● **WHAT YOU NEED TO DO**: Give the records below again, exactly as they appear.

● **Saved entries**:

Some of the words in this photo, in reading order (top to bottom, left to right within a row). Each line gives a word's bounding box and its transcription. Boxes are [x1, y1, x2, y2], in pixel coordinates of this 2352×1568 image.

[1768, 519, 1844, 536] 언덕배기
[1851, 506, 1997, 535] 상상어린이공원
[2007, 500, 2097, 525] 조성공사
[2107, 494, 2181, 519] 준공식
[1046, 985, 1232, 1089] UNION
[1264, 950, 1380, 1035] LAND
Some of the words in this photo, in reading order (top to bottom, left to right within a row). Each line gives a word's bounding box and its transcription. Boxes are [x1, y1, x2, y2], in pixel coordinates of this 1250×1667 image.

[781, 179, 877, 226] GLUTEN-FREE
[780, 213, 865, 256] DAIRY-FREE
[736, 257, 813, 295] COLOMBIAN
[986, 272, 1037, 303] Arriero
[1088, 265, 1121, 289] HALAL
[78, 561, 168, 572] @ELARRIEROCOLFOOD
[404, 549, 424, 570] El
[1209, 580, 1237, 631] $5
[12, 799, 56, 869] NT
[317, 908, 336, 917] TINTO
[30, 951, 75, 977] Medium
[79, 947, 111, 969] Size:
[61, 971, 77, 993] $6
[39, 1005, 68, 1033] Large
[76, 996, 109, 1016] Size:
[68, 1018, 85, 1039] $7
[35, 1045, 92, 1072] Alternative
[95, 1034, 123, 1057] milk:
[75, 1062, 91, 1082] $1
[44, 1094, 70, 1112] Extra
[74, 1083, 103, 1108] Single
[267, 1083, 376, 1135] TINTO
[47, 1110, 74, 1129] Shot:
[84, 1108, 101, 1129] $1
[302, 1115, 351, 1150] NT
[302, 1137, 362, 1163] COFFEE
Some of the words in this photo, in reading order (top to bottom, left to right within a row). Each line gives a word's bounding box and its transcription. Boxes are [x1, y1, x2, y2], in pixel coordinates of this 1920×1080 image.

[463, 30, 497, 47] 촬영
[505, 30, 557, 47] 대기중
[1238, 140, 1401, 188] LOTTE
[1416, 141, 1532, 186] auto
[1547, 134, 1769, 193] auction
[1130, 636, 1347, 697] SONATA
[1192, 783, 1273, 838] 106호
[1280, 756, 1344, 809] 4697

● **TASK OUTPUT**:
Some of the words in this photo, in reading order (top to bottom, left to right within a row). Each line gives a word's bounding box and its transcription. Boxes are [x1, y1, x2, y2], in pixel coordinates of this 2352×1568 image.

[1768, 519, 1844, 536] 언덕배기
[1851, 506, 1997, 535] 상상어린이공원
[2007, 500, 2097, 525] 조성공사
[2107, 494, 2181, 519] 준공식
[1046, 985, 1232, 1089] UNION
[1264, 950, 1380, 1035] LAND
Some of the words in this photo, in reading order (top to bottom, left to right within a row). Each line gives a word's bounding box and its transcription. Boxes are [x1, y1, x2, y2], in pixel coordinates of this 1250×1667 image.

[781, 179, 877, 226] GLUTEN-FREE
[780, 213, 865, 256] DAIRY-FREE
[736, 257, 813, 295] COLOMBIAN
[986, 272, 1037, 303] Arriero
[1088, 265, 1121, 289] HALAL
[78, 561, 168, 572] @ELARRIEROCOLFOOD
[404, 549, 424, 570] El
[1209, 580, 1237, 631] $5
[12, 799, 56, 869] NT
[317, 908, 336, 917] TINTO
[30, 951, 75, 977] Medium
[79, 947, 111, 969] Size:
[61, 971, 77, 993] $6
[39, 1005, 68, 1033] Large
[76, 996, 109, 1016] Size:
[68, 1018, 85, 1039] $7
[35, 1045, 92, 1072] Alternative
[95, 1034, 123, 1057] milk:
[75, 1062, 91, 1082] $1
[44, 1094, 70, 1112] Extra
[74, 1083, 103, 1108] Single
[267, 1083, 376, 1135] TINTO
[47, 1110, 74, 1129] Shot:
[84, 1108, 101, 1129] $1
[302, 1115, 351, 1150] NT
[302, 1137, 362, 1163] COFFEE
Some of the words in this photo, in reading order (top to bottom, left to right within a row). Each line gives a word's bounding box and its transcription. Boxes are [x1, y1, x2, y2], in pixel coordinates of this 1920×1080 image.

[463, 30, 497, 47] 촬영
[505, 30, 557, 47] 대기중
[1238, 140, 1401, 188] LOTTE
[1416, 141, 1532, 186] auto
[1547, 134, 1769, 193] auction
[1130, 636, 1347, 697] SONATA
[1192, 783, 1273, 838] 106호
[1280, 756, 1344, 809] 4697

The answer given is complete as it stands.